It started with wanting to lock my screen.
I’d set up a shortcut in macOS Shortcuts.app that ran open -a ScreenSaverEngine, bound it to a hotkey, and expected it to just work. It didn’t. The hotkey fired maybe one time in three. No error, no feedback — it just silently ignored the keypress most of the time.
So I built a 200-line Swift app that does the same thing reliably. That app (ScreenLock) uses a CGEvent tap to listen for the hotkey and launches the screen saver directly. It works every single time.
This is a pattern I keep running into: a general-purpose tool almost does what I need, but the gap between “almost” and “actually” is where all the frustration lives.
I run a static website. HTML files, one CSS stylesheet, some PNG icons. No framework, no build system (for the main pages — the blog has a small Node.js generator). It’s deliberately simple.
But editing it was not simple. My workflow looked like this:
That’s a lot of context switching for changing a paragraph of text.
I already had a Notes Editor for blog posts — a SwiftUI app with a three-pane layout (sidebar, editor, preview). It handles markdown files, builds the blog HTML, and deploys to both staging and production. What if I had something similar for the rest of the website?
So today I built one. A three-pane macOS app:
Left pane: file browser. A tree view of the website directory with search/filter.
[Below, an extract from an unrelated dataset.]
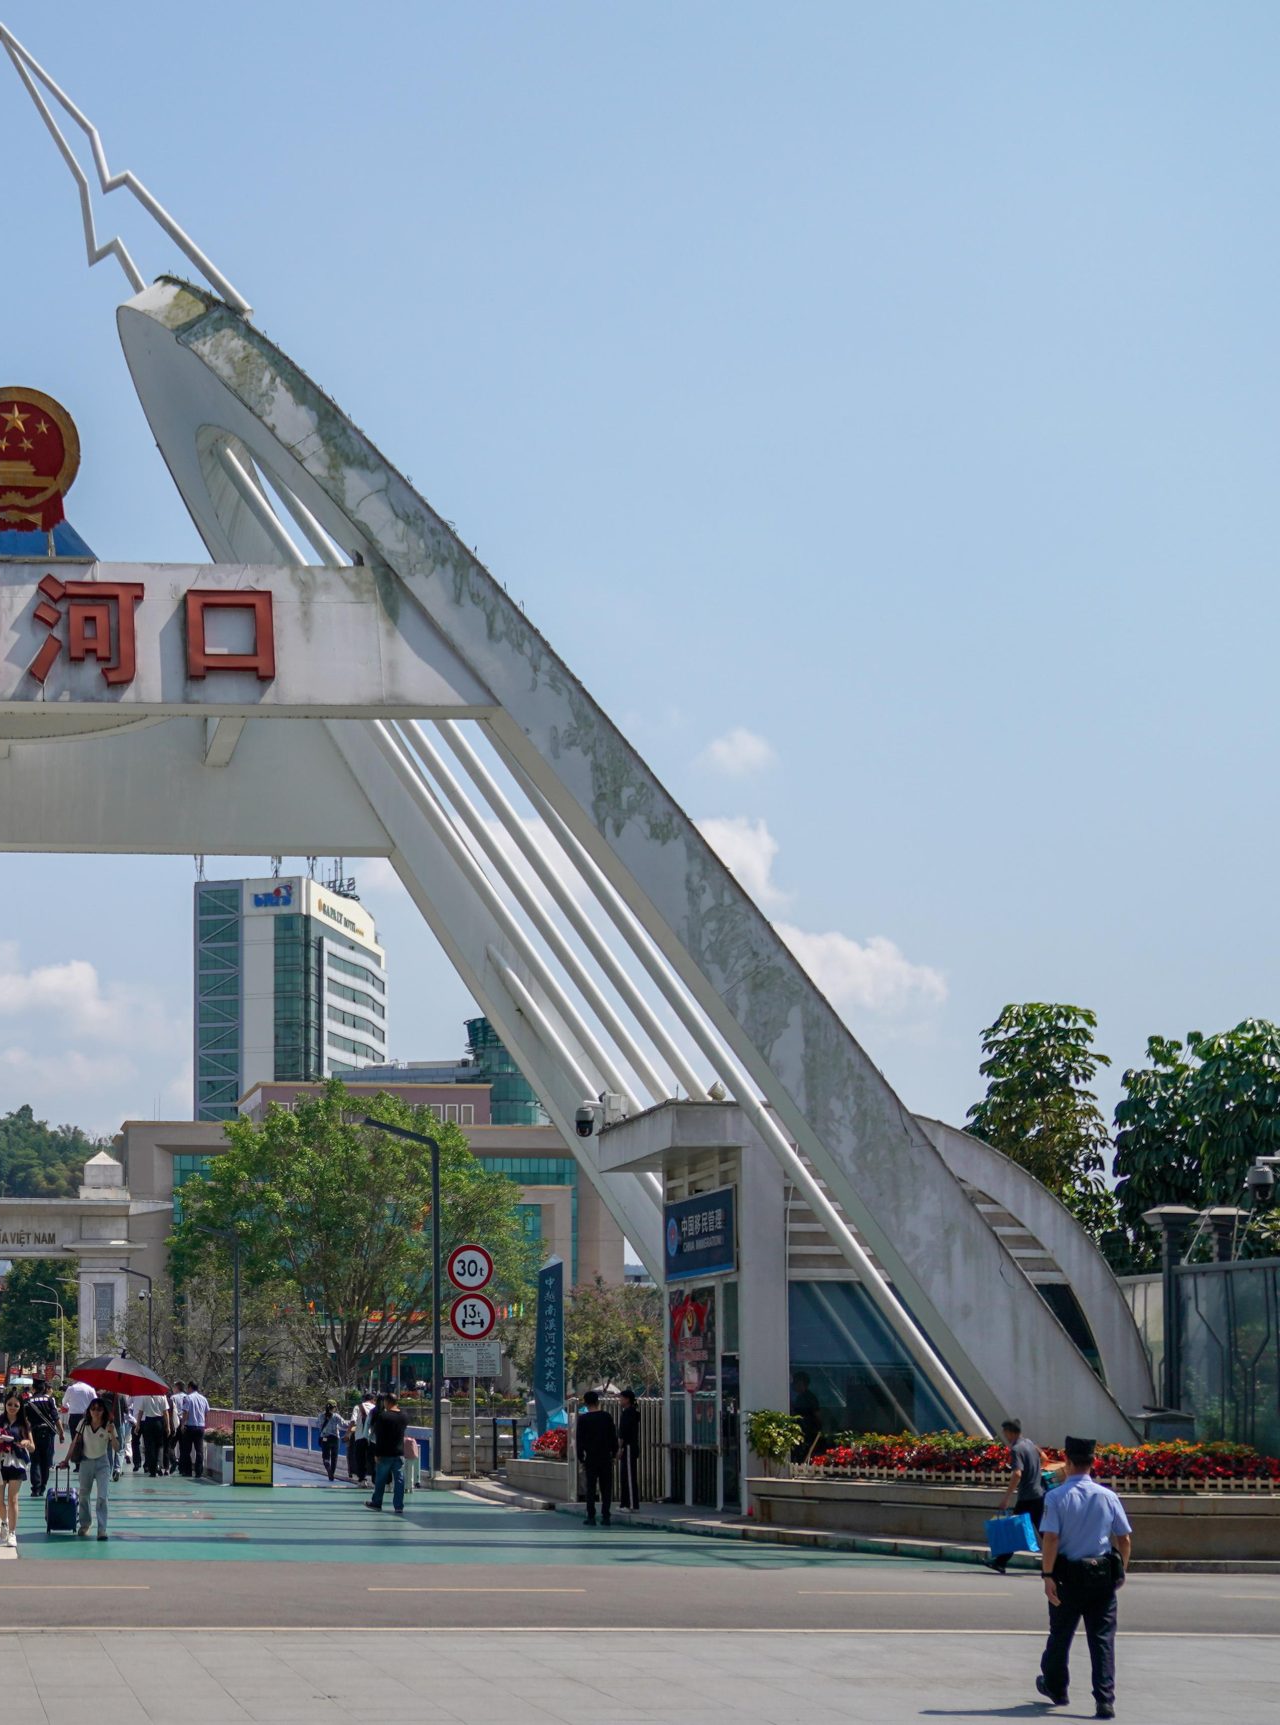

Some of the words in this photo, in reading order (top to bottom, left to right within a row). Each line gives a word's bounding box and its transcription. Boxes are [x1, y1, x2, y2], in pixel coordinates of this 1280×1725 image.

[681, 1208, 723, 1239] 中国移民管理
[9, 1229, 31, 1247] VIỆT
[33, 1232, 56, 1245] NAM
[682, 1240, 696, 1253] CHINA
It excludes the notes/ directory (that’s the Notes Editor’s domain), .git/, node_modules/, and other non-content directories. Click a file to open it.
Centre pane: editor. A syntax-highlighted text editor built on NSTextView. HTML tags are blue, attributes are teal, strings are red. CSS properties are purple. JavaScript keywords are pink. There’s a word wrap toggle, a WYSIWYG mode for HTML files, and a revert button that restores the file to its last committed state.
Right pane: preview. A live WKWebView that renders the HTML with the site’s actual CSS and assets. Edit the code, and the preview updates in real time. For CSS files, it shows the homepage rendered with the edited stylesheet. The preview can be detached into its own window — useful on a second monitor.
The toolbar has four actions: Sync (git pull), Stage (Docker build + run), Publish (git push + Cloudflare deploy), and Validate (HTML validation using the same html-validate rules as the blog build system).
Four status dots show the state of the current file: whether it’s saved, whether staging has this version, whether GitHub has this version, and whether production has this version. They cascade correctly — if the file is unsaved, everything downstream is orange.
There’s also a text transform system. As I type, … automatically becomes …, -- becomes –, and — becomes —. The transforms are HTML-context-aware — they don’t fire inside tags or script blocks.
I could have used VS Code. It has syntax highlighting, a preview pane, extensions for HTML validation, and a built-in terminal for deployment commands. It would have covered 80% of what I need.
But that remaining 20% is the entire point:
Deployment is one click. Not “open the terminal, type the command, wait, type the next command.” One button deploys to staging. Another button commits, pushes, and deploys to production. The status dots tell me where I am.
The preview loads my actual site. Not a generic HTML preview — my site, with my CSS, my fonts, my icons. When I edit the stylesheet, the preview shows my homepage with the changes applied in real time.
The transforms match my workflow. I write HTML entities constantly. Having … auto-replace as I type saves me from writing … hundreds of times. It knows not to replace inside tags.
The tool respects my project structure. It knows that notes/ belongs to the Notes Editor. It knows that .webeditor-preview.html should be gitignored. It knows the Cloudflare project name and account ID. It shares the API token with the Notes Editor via the macOS Keychain.
None of this is rocket science. But none of it comes for free in a general-purpose editor, and configuring it all via extensions and settings files is its own kind of work — work that you redo every time something updates or breaks.
The Web Editor is about 1,500 lines of Swift across 22 source files. It took a few hours to build. It will take a few more hours to refine as I use it and discover the rough edges.
Is that more effort than configuring VS Code? Probably. But the result is a tool that fits my workflow exactly, runs natively, starts instantly, and will never change out from under me because a dependency updated.
There’s a version of this argument that says “just use the existing tool, don’t waste time building your own.” And for most things, that’s right. But for a tool you use every day, that sits at the centre of your workflow, the calculus changes. The time you invest in a custom tool pays back every time you use it.
My screen saver hotkey works every time now. My website deploys in one click. The tools do exactly what I need and nothing more. That’s worth building for.